豫东平原的春天,是被风叫醒的。
风从邻省安徽吹过来,穿过黑茨河的水面,带着湿漉漉的潮气,一路向西,撞进河南省郸城县最东边的这个小镇。镇子不大,却有一个气韵悠远的名字——白马镇。
老辈人说,这名字是从唐朝来的。那时候这里叫白马驿,是汴州(今开封)通往亳州的官道驿站。驿站的马,全是白马,不是一匹两匹,是一槽一栏的,养在马厩里,拴在柳树下,拴在时光里。南来北往的官员、商贾、书生,在这里换马歇脚,喝一碗茶,吃一碗面,然后继续赶路。一千多年过去了,驿站早就没了,官道也变了模样,但白马还在。不是马厩里的白马,是地名里的白马,是人心里的白马。
镇子东街,有一片古民居。青砖灰瓦,连排成片,屋檐下雕着莲花和蝙蝠,一户门楣上刻着“耕读传家”4个字。这是县级文物保护单位,也是白马镇最老的记忆。我在这里遇见了周大爷。80多岁的他,守着祖上传下来的三间瓦房。院子里种着两棵槐树,春天刚冒芽,嫩绿嫩绿的。
“我爷爷的爷爷就住这儿。”周大爷坐在门槛上,晒着太阳,“以前这条街可热闹了,两边都是店铺,卖布的、卖盐的、打铁的、钉马掌的。老辈人讲,驿站还在的时候,天天有马队经过,哒哒的马蹄声从早响到晚。”我问他,现在还能听见马蹄声吗?他笑了,露出一口豁牙:“听不见喽。现在听见的是汽车声、拖拉机声、快递三轮的声。
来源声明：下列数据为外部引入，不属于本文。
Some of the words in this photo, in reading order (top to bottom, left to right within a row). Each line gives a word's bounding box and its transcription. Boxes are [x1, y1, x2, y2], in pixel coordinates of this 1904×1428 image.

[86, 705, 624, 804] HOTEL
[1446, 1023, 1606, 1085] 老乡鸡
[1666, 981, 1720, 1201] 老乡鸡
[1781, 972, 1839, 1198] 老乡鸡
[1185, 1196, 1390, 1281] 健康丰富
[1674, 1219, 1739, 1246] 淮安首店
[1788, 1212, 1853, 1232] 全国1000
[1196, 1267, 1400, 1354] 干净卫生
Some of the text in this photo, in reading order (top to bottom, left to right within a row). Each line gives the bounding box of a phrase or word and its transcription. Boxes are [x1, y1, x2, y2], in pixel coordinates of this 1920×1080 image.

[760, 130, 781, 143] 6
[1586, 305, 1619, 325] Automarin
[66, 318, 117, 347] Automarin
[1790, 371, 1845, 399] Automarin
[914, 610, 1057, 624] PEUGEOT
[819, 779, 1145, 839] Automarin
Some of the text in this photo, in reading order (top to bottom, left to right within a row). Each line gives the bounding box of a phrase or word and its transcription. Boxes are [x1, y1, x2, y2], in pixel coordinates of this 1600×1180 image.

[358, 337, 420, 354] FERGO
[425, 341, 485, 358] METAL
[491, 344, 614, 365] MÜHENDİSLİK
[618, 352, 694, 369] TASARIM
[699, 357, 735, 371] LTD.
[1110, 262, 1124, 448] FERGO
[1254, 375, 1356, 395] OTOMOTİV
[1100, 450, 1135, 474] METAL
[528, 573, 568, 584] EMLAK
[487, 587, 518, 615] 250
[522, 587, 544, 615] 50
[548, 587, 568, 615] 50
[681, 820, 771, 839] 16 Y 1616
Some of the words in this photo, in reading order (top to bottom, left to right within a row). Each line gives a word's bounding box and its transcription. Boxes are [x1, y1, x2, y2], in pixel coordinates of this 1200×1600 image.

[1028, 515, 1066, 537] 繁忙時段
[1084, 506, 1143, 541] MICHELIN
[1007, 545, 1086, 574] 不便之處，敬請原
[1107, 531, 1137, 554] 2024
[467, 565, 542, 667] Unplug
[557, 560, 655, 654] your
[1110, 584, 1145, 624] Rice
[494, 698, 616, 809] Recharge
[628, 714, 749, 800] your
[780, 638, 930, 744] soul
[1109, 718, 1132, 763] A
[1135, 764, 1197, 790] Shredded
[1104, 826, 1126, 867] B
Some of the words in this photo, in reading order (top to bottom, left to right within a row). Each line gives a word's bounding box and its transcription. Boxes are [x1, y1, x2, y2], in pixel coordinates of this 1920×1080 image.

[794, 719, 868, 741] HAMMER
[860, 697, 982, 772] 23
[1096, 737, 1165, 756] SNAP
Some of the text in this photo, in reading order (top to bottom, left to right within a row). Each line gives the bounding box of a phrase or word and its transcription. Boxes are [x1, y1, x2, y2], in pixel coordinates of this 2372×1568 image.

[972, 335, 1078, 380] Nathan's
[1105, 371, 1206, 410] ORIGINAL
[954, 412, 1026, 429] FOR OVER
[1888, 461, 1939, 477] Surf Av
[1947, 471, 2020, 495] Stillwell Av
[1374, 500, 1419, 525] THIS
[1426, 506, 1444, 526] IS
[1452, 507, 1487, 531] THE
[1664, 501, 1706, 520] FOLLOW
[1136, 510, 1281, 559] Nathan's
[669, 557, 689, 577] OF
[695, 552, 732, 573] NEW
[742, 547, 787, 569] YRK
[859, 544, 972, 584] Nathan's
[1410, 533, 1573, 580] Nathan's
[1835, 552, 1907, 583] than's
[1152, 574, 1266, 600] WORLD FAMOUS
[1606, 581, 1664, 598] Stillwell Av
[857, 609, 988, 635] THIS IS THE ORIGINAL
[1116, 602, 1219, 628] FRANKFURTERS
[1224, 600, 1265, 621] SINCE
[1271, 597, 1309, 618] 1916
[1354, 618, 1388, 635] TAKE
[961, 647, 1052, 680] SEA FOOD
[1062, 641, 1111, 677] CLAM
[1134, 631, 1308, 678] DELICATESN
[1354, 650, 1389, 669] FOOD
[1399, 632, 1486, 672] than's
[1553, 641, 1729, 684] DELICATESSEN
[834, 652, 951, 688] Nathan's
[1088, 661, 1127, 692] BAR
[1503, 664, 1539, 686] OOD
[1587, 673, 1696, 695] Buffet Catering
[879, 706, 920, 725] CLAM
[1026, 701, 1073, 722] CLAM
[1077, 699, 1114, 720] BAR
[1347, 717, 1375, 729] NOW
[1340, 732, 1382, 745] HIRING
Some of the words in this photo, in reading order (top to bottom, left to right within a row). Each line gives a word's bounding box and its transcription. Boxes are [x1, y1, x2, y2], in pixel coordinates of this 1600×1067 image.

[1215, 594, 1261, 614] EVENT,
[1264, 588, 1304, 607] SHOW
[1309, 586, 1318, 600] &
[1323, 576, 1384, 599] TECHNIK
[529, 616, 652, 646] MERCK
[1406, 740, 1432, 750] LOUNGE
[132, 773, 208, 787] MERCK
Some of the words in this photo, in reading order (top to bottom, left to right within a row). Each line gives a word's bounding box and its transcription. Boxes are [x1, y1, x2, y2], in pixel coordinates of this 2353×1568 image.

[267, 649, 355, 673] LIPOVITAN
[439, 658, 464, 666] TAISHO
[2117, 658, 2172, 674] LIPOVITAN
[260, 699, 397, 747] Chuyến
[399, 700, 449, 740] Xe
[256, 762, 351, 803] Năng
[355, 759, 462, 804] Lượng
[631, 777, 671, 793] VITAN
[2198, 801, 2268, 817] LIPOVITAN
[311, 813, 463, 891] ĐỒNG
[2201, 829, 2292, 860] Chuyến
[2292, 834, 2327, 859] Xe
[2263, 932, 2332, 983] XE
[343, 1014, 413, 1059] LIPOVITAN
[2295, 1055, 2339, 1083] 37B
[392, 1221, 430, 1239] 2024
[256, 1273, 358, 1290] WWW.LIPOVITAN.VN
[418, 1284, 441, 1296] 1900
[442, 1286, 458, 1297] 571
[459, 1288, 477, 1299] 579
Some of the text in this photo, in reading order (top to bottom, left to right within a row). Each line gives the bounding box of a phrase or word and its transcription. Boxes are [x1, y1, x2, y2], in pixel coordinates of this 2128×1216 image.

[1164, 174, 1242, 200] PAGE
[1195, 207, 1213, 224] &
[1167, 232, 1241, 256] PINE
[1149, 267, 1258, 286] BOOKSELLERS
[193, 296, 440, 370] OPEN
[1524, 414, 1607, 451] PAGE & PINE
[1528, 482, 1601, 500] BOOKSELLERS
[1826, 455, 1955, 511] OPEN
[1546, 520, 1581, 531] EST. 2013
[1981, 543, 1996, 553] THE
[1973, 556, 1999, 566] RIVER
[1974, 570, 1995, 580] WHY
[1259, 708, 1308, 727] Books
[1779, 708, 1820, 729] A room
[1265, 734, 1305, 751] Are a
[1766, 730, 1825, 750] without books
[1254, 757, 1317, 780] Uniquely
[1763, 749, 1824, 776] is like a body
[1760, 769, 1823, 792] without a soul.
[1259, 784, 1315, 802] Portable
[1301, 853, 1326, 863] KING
但马蹄声还在心里头——咱这地方叫白马,心里头就得有一匹马。”说完,他指着远处:“你看那边,省道穿过去,往东一拐就进了安徽。以前是驿站换马,现在是高速换乘。路不一样,跑的心一样。”顺着他手指的方向望去,省道329横穿镇北,车流不息,一直延伸到安徽的地界。那些车里,装着货物,装着希望,装着一个时代奔跑的速度。
从老街往南走,过几条田埂,就到了刁楼村。刁楼不出名,但刁楼麻糖出名。这是白马镇的特产,用麦芽糖做的,又脆又甜,咬一口嘎嘣响,能粘住牙,也能粘住记忆。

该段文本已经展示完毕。